Discussion in 'Journalism topics only' started by wickedwritah, Oct 30, 2007.

  1. hockeybeat

    hockeybeat Guest

    It's not news. It's fanboyishness run amok.

    Just like this NY Post "news" story in 2004, prior to the first Yankees-Red Sox regular season series:

     
  2. Ace

    Ace Well-Known Member

    To be fair, if the guy had been killed or beaten within an inch of his life, it would have been a good story.
     
  3. silentbob

    silentbob Member

    Lots of Yankee fans on this board, I'm guessing.

    Red Sox and Yankees make up the biggest rivalry in sports. Red Sox win Series, Yankees fall apart, lose their manager, won't sign their best player. Boston reporter dresses in Sox gear goes to New York to see what happens.

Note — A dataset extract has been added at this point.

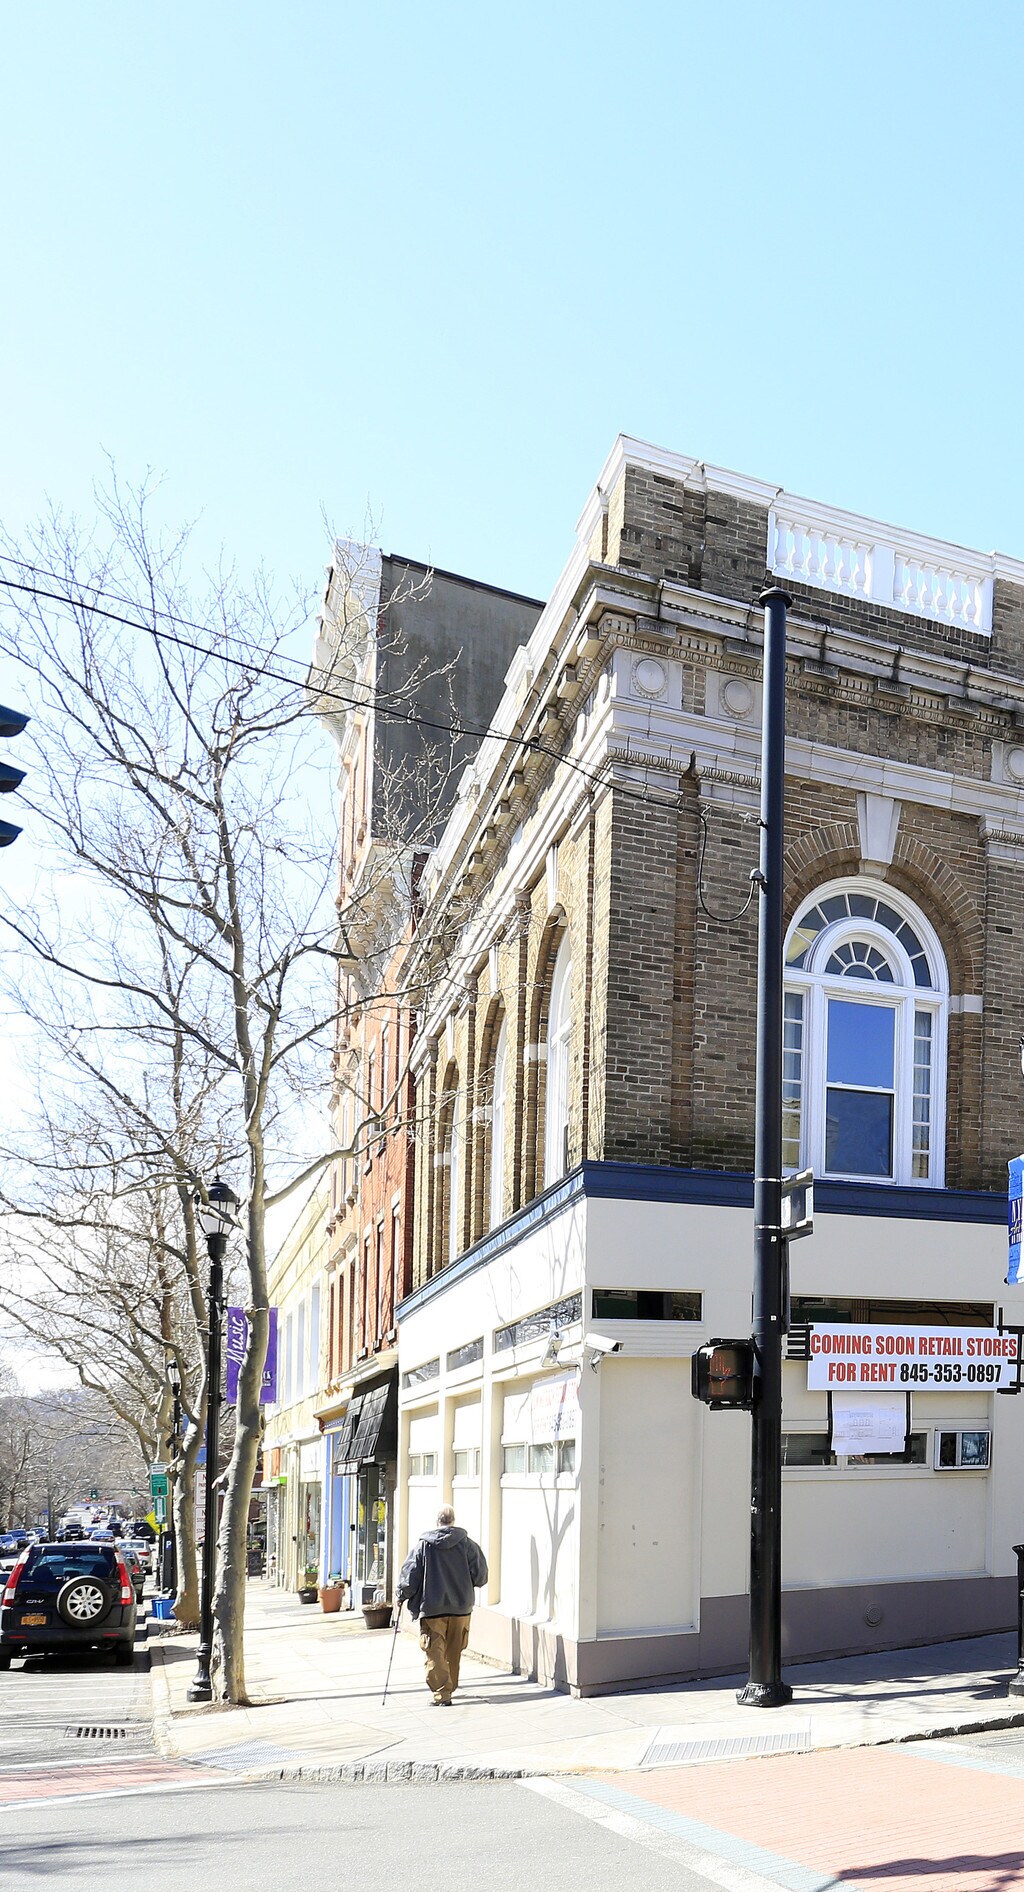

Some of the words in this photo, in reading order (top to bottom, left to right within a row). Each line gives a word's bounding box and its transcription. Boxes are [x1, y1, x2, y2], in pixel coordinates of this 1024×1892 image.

    I dont see the problem. Keep in mind these papers have been writing these stories for years. What's wrong with writing it in a different way? It makes a stale topic fresh. And if you say it's not relevant, that the Sox didn't play the Yanks, you obviously don't understand this rivalry.

    By the way, anyone care to guess which Globe story ranks atop today's most emailed list?

    One of the problems with this business is that journalists think too much like journalists. Some of that's a good thing. If we really listened to the public, the sports pages would be filled with Ulitmate Fighting (or whatever it's called,) NASCAR and Fantasy Football. God help us all.

    The bad part is that we're too stuck in our J-school ways. Report the news, write engaging commentary, but for the love of GOD have fun every now and then. Maybe this story didn't work for you, but I'd take it over the boring, predictable celebration bullshit any day. I mean, heaven forbid we surprise the readers once in a whille.
     
  4. silentbob

    silentbob Member

    One more thing, the goal of every reporter should be to write stories that capture reader's attention.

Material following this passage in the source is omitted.